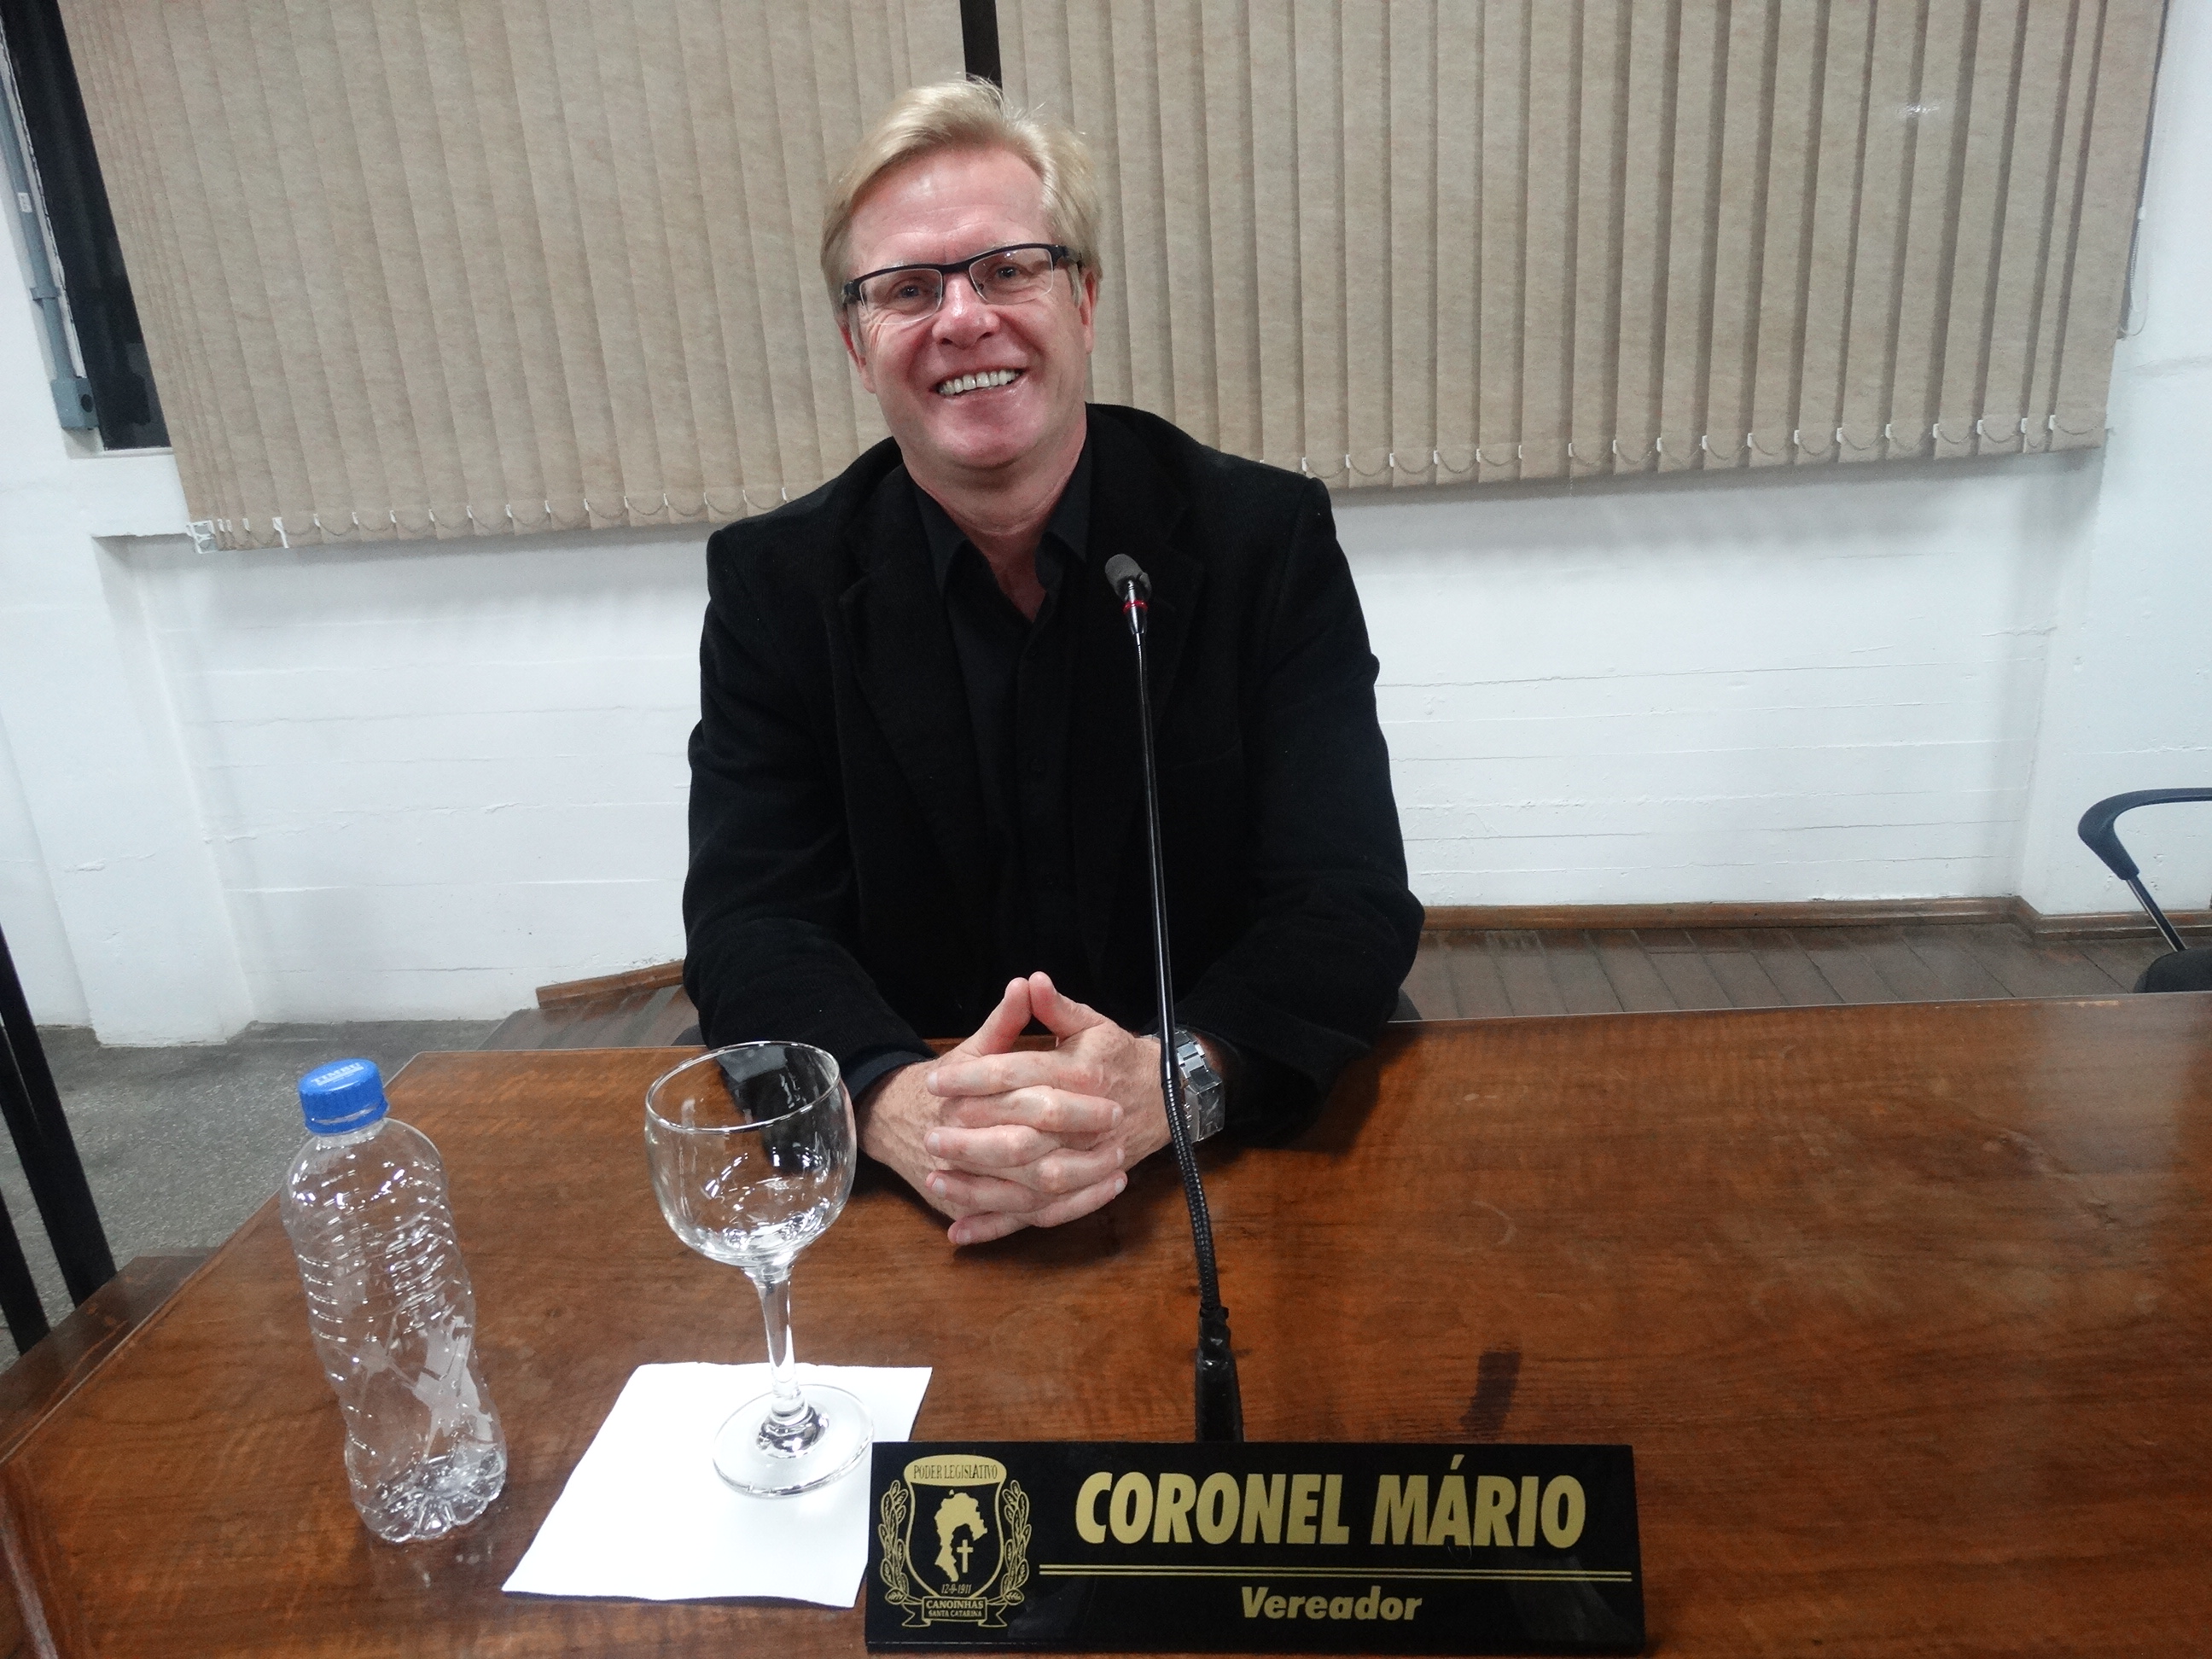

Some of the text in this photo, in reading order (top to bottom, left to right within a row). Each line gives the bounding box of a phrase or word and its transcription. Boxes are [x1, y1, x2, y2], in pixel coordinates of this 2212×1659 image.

[913, 1464, 998, 1479] PODER LEGISLATIVO
[1075, 1454, 1585, 1547] CORONEL MÁRIO
[926, 1600, 984, 1610] CANOINHAS
[1243, 1586, 1422, 1620] Vereador
•••••
▸ **WHAT IS BEING ASKED**: From the data above, write out everything exactly except the pictures.

▸ **SOLUTION TO THIS TASK**:
Some of the text in this photo, in reading order (top to bottom, left to right within a row). Each line gives the bounding box of a phrase or word and its transcription. Boxes are [x1, y1, x2, y2], in pixel coordinates of this 2212×1659 image.

[913, 1464, 998, 1479] PODER LEGISLATIVO
[1075, 1454, 1585, 1547] CORONEL MÁRIO
[926, 1600, 984, 1610] CANOINHAS
[1243, 1586, 1422, 1620] Vereador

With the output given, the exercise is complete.